Ursula Johnson

Individual


Roles

Artist

Biography

Ursula Johnson is a member of the Eskasoni Mi’kmaw Nation on Cape Breton Island (Unama’ki in Mi’kmaw) and grew up speaking Mi’kmaw at home. Her family, including her great-grandmother, renowned basket maker Caroline Gould (1919–2011), is well known as cultural leaders in their community. Johnson spent her early working life as an activist and was a participant in the Permanent Forum on Indigenous Issues at the United Nations, where she was involved in creating that institution’s first Indigenous Youth Caucus. However, she felt art could further her social and cultural goals and she decided to pursue art studies in Halifax; since then, she has made Halifax her home. She graduated from NSCAD University in 2006.

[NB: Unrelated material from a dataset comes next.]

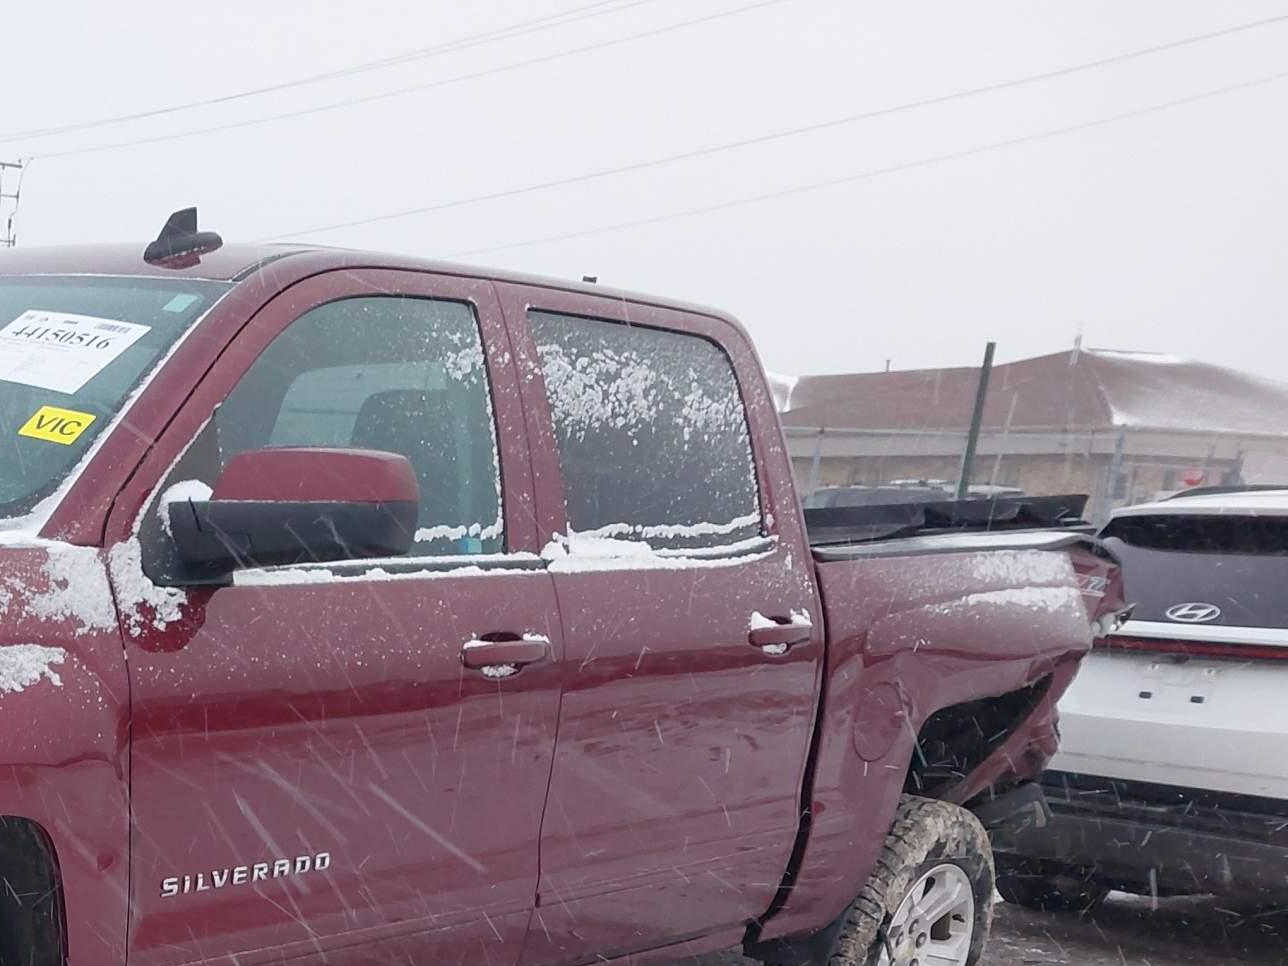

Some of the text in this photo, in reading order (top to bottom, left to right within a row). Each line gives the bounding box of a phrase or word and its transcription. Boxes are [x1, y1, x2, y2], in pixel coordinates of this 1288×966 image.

Johnson’s work blends sculpture, performance, and activism, and much of it is based in her understanding of the concept Netukulimk, which, she says, “is self-sustainability through responsibility, the impacts of harvesting, or the art market, or resources with naturally made objects or Indigenous objects." Johnson was a recipient of a REVEAL Indigenous Art Award from the Hnatyshyn Foundation in the spring of 2017, and in the fall of that year she won the $50,000 Sobey Art Award, the most prestigious award for contemporary art in Canada. She was the first Atlantic Canadian to have done so. Johnson’s work Moose Fence, 2017, won the 2019 Nova Scotia Masterworks Award and was acquired by the Art Gallery of Nova Scotia in 2021.